We have tested obrixtamig in a phase 1 dose-escalation trial that has already been published, and we found it to be safe and efficacious in patients with relapsed/refractory SCLC and other neuroendocrine carcinomas. Now, we wanted to see whether we could build on this by combining it with a classical chemotherapy [agent], which is topotecan.
Bispecific antibodies that [target] CD3 and a tumor antigen usually drag T cells to the tumor cells. Typically, the CD3 binding component is structured in a way that activates the T cell. What you get is a tumor immune response that is targeted to your antigen and spares normal tissue, and that's why it's a pretty clean drug.
The good thing regarding tolerability with bispecific antibodies is that you have [some noteworthy] AEs during the first applications, such as CRS and maybe a bit of ICANS. However, that [tends to] abate after you cross the second, third, or fourth application, and then it's easy for the patient to tolerate.
We enrolled patients with SCLC, provided they had received at least their first line of chemotherapy, which needed to be platinum based. Ninety-two percent of the patients also had had prior PD-[L]1 exposure.
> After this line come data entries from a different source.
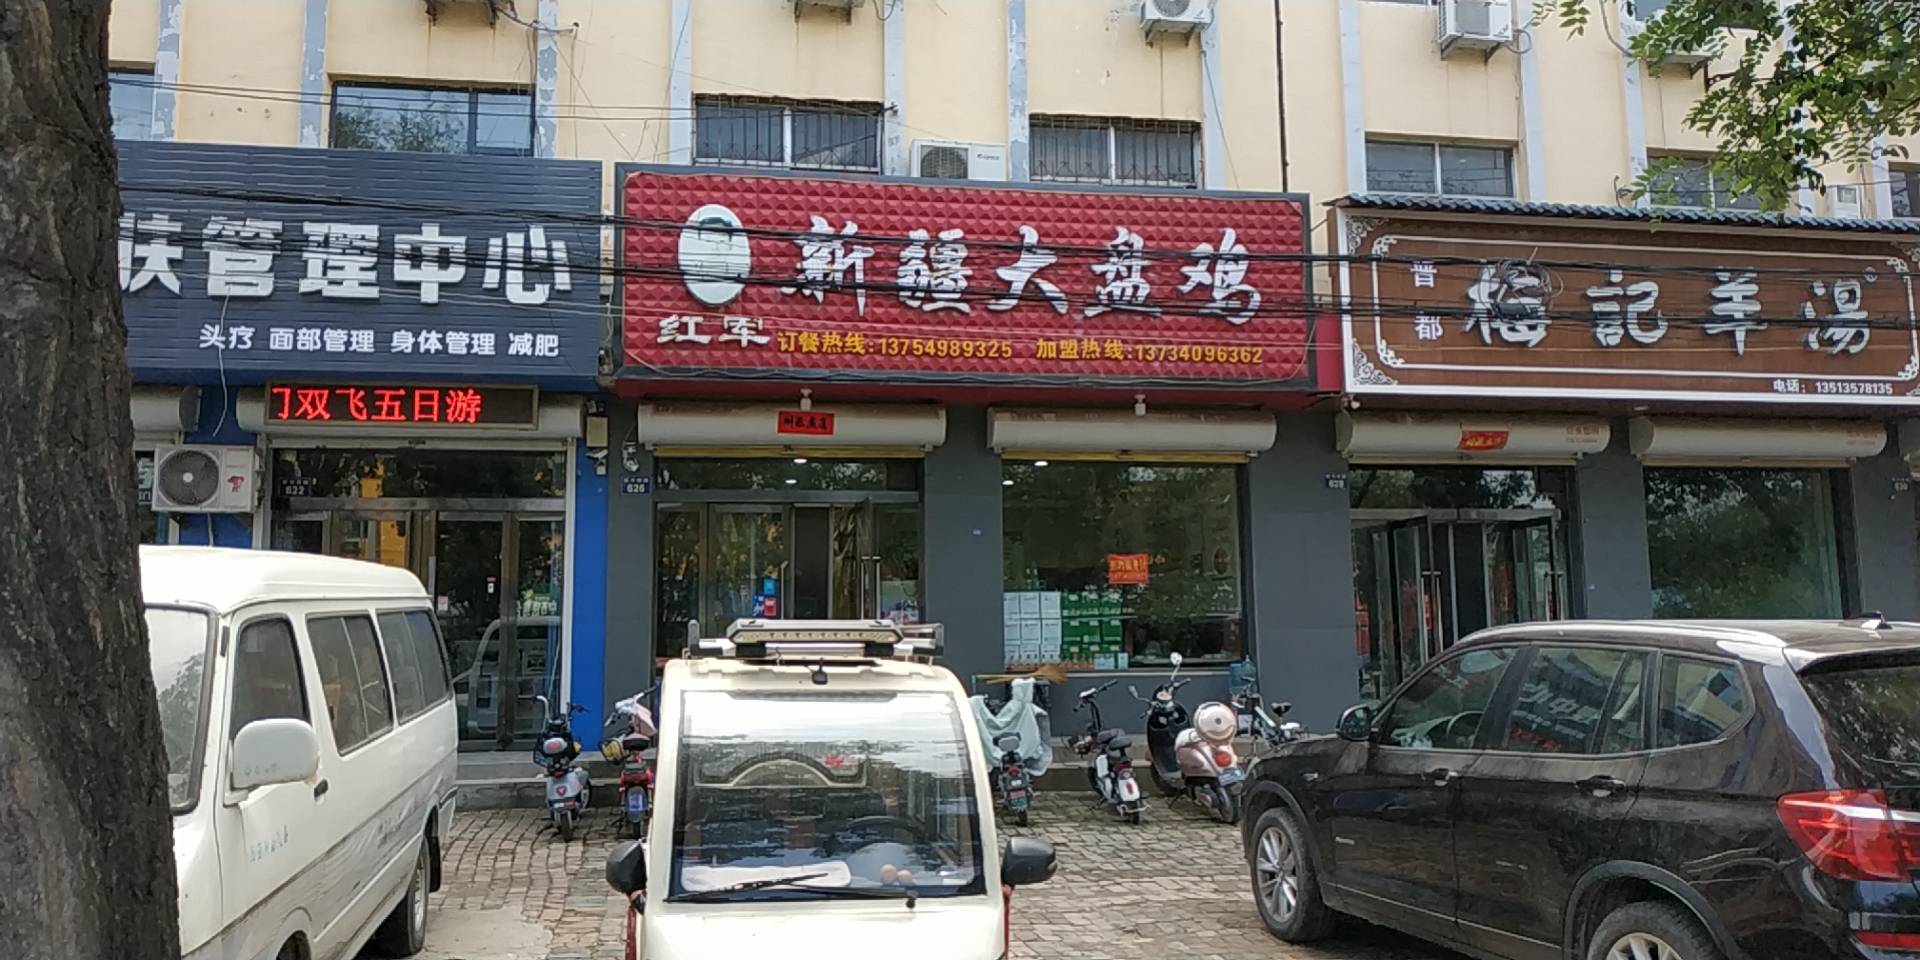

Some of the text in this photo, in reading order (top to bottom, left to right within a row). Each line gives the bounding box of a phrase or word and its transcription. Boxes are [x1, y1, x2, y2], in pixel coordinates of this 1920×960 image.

[780, 214, 1262, 325] 新疆大盘鸡
[200, 324, 560, 357] 头疗 面部管理 身体管理 减肥
[656, 314, 770, 347] 红军
[1815, 381, 1894, 395] 13513578135
[627, 484, 645, 493] 626
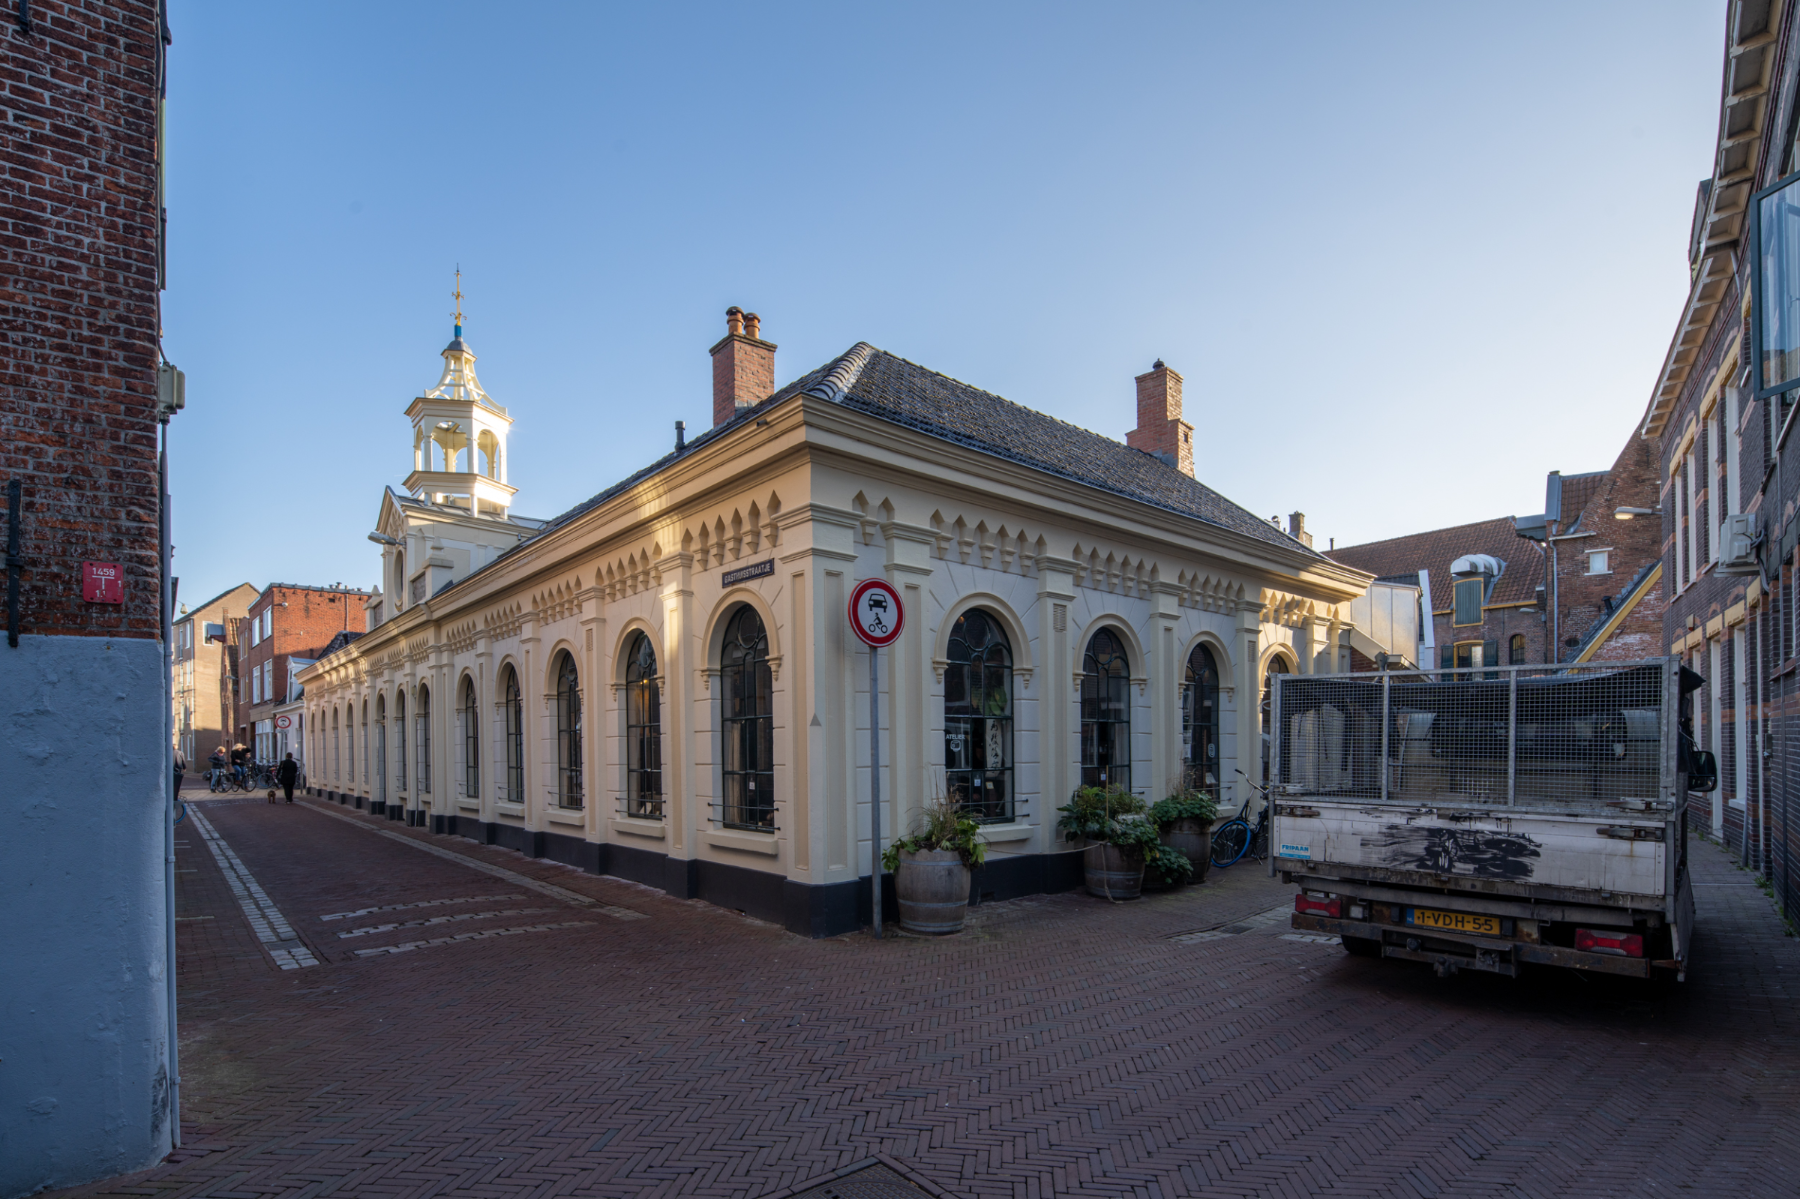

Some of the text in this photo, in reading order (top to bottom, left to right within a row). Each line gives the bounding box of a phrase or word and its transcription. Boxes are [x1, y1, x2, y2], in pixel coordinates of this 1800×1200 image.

[92, 567, 115, 577] 1459
[724, 562, 771, 584] GASTHUISSTRAATJE
[1281, 844, 1310, 852] FRIPAAN
[1420, 911, 1494, 932] 1-VDH-55
Patients were required to have an adequate performance status, good organ function, and controlled brain metastases. This was a typical phase 1 population.
This was a dose-escalation trial. We gave topotecan at the approved standard doses 5 days per week [at the start of each 21-day cycle]. Obrixtamig was added on day 1 and was given weekly thereafter. We were allowed to dose reduce topotecan after the first cycle, and we were able to skip topotecan after 2 cycles if clinically indicated. Obrixtamig was given as a step-up dose and then gradually increased to reach the target dose. We tested a total of 3 dose levels.
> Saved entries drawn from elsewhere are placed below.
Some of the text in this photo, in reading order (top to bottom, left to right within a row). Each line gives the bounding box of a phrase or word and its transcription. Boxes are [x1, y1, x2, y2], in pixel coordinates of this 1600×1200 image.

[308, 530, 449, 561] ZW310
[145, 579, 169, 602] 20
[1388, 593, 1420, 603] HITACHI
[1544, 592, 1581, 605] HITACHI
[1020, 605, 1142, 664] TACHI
The safety [profile] was largely as expected. What we saw is the topotecan associated cytopenias. [We] saw a lot of neutropenia and thrombocytopenia; however, we didn't have any infectious complications or bleeding complications.
With obrixtamig, we saw [any-grade] CRS in 48% of the patients, with the majority being grade 1. No grade 3 or 4 [CRS was reported]. [The incidence of CRS] was less than we expected.
We saw hardly any neurotoxicity. There were two [AEs] that matched the wide definition of neurotoxicity [used for] the trial. For example, muscle spasms are not a classical symptom of ICANS, but [this occurred in] 2 patients [8%] at grade 1. The maximum tolerated dose has not been reached over these 3 dose levels, and we just had 3 DLTs, which occurred mainly in the ramp-up period and not at the target dose.
The combination is safe. Topotecan has a safety profile we’ve known [about for some time], and for obrixtamig, we see less toxicity compared with the agent given as monotherapy.
We observed an unconfirmed ORR of 70%. The follow-up was quite short. We only had 13 patients undergo [at least 2 post-baseline tumor assessments]; however, in these patients who had the chance to confirm their response, the response rate remained stable. The confirmed ORR was still 69%, which is pretty remarkable if you compare it with the results [of] a single-agent T-cell engager targeting DLL3, [where the] ORR is approximately 20% to 40%. The ORR with a single-agent topotecan is, unfortunately, just 10% to 15%.
We [appear to] have something that goes beyond the effect of either component alone, at least [based on] the limited dataset we have thus far. It's certainly something we need to follow up on.
This is a phase 1 study in just 25 patients, and we have immature follow-up, so we need to wait for the data to mature. We will also follow up with a randomized trial to see if that [benefit with the combination] is substantiated.
We’ll get some more follow-up on the patients we already treated, get some more data on why there is some kind of synergism between these 2 drugs, then the obvious next move will be to start the phase three trial testing this in a randomized fashion.